Action of the Sea upon Coasts.

The ocean, in its action upon the cliffs and banks situated on the coast, breaks them down to a greater or less extent, and either accumulates the debris at their basis in the form of sea beaches of greater or less magnitude, or by currents carries it away to be deposited upon other shores, or to give rise to sand-banks near the coast, which, in the course of time, become united to the land, and thus secure it from the further action of the sea. These destroying and forming effects of the waters of the ocean are to be observed all around the coasts of this island; and beautiful examples of such actions are to be seen on the coasts of Ireland, and in many of the islands that lie to the west and north of Great Britain. In a paper read before the Wernerian Natural History Society, Mr Stevenson, engineer, mentions many facts illustrative of the destroying effects of the ocean on our coasts.—Thus he informs us that the waters of the sea are wearing away the land upon both sides of the Frith of Forth, not only in exposed, but also in sheltered situations, and the solid strata, as well as the looser alluvial formations, which owe their origin to the destroying agency of the ocean at a former period, are again yielding to its action. At Saint Andrew’s, the famous castle of Cardinal Beaton, which is said originally to have been some distance from the sea, now almost overhangs it: From St Andrew’s northward to Eden water and the River Tay, the coast presents a sandy beach, and is so liable to shift, that it is difficult to trace the change it may have undergone. It is certain, however, that, within this last century, the sea has made such an impression upon the sands of Barray, on the northern side of the Tay, that the light-houses at the entrance of the river, which were formerly erected at the southern extremity of Button-ness, have been from time to time removed about a mile and a quarter further northward, on account of the wasting and shifting of these sandy shores, and that the spot on which the outer light-house stood in the 17th century, is now two or three fathoms under water, and is at least three quarters of a mile within flood-mark.

NOTE, [p. 32.]

On the growth of Coral Islands.

Of all the genera of lithophytes, the madrepore is the most abundant. It occurs most frequently in tropical countries, and decreases in number and variety as we approach the poles. It encircles in prodigious rocks and vast reefs many of the basaltic and other rocky islands in the South Sea and Indian Ocean, and, by its daily growth, adds to their magnitude. The coasts of the islands in the West Indies, also those of the islands on the east coast of Africa, and the shores and shoals of the Red Sea, are encircled and incrusted with rocks of coral. Several different tribes of madrepore contribute to form these coral reefs; but by far the most abundant are those of the genera carophylla, astrea and meandrina. These lithophytic animals not only add to the magnitude of land already existing, but, according to some naturalists, they form whole islands. Dr Forster, in his Observations made during a Voyage round the World, gives an account of the formation of these coral islands in the South Sea.

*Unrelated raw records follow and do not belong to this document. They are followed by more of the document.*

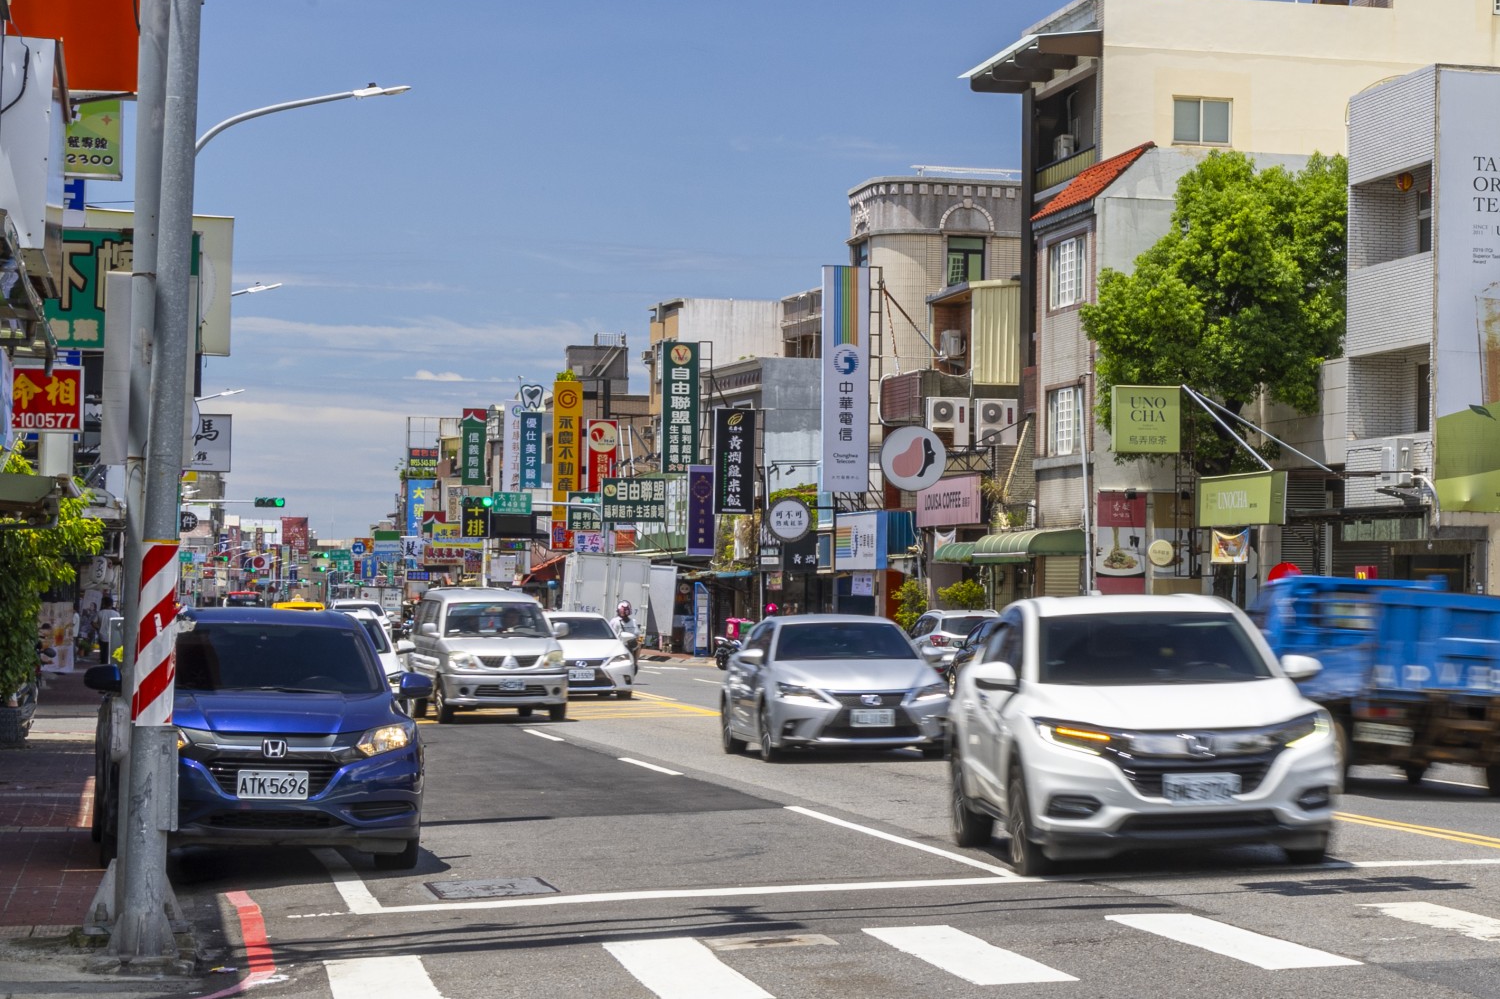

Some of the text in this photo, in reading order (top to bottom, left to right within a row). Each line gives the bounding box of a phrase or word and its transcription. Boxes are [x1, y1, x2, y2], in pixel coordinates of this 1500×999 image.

[66, 153, 113, 167] 2300
[671, 367, 691, 424] 自由聯盟
[1130, 396, 1166, 409] UNO
[839, 381, 854, 441] 中華電信
[1130, 410, 1166, 422] CHA
[557, 415, 574, 492] 永慶不動產
[669, 425, 679, 463] 生活廣場
[681, 425, 692, 463] 福利超市
[468, 432, 480, 479] 信義房屋
[617, 480, 665, 501] 自由聯盟
[925, 491, 961, 511] LOUISA COFFEE
[1217, 490, 1248, 509] UNOCHA
[776, 510, 803, 519] 可不可
[239, 776, 307, 797] ATK-5696

All the low isles, he says, seem to me to be a production of the sea, or rather its inhabitants, the polype-like animals forming the lithophytes. These animalcules raise their habitation gradually from a small base, always spreading more and more, in proportion as the structure grows higher. The materials are a kind of lime mixed with some animal substances. I have seen these large structures in all stages, and of various extent. Near Turtle Island, we found, at a few miles distance, and to leeward of it, a considerable large circular reef, over which the sea broke every where, and no part of it was above water; it included a large deep lagoon. To the east and north-east of the Society Isles, are a great many isles, which in some parts are above water; in others, the elevated parts are connected by reefs, some of which are dry at low water, and others are constantly under water. The elevated parts consist of a soil formed by a sand of shells and coral rocks, mixed with a light black mould, produced from putrified vegetables, and the dung of sea-fowls; and are commonly covered by cocoa-nut trees and other shrubs, and a few antiscorbutic plants. The lower parts have only a few shrubs and the above plants; others still lower, are washed by the sea at high-water. All these isles are connected, and include a lagoon in the middle, which is full of the finest fish; and sometimes there is an opening, admitting a boat or canoe, in the reef, but I never saw or heard of an opening that would admit a ship.

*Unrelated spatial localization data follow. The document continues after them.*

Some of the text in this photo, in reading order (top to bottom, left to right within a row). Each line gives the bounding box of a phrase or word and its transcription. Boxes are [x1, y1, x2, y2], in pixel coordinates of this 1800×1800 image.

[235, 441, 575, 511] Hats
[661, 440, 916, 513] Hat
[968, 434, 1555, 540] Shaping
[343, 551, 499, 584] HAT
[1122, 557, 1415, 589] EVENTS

The reef, or the first origin of these isles, is formed by the animalcules inhabiting the lithophytes. They raise their habitation within a little of the surface of the sea, which gradually throws shells, weeds, sand, small bits of corals, and other things, on the tops of these coral rocks, and at last fairly raises them above water; where the above things continue to be accumulated by the sea, till by a bird, or by the sea, a few seeds of plants that commonly grow on the sea-shore, are thrown up, and begin to vegetate; and by their annual decay and reproduction from seeds, create a little mould, yearly accumulated by the mixture with sand, increasing the dry spot on every side; till another sea happens to carry a cocoa-nut hither, which preserves its vegetative power a long time in the sea, and therefore will soon begin to grow on this soil; especially as it thrives equally in all kinds of soil; and thus may all these low isles have become covered with the finest cocoa-nut trees.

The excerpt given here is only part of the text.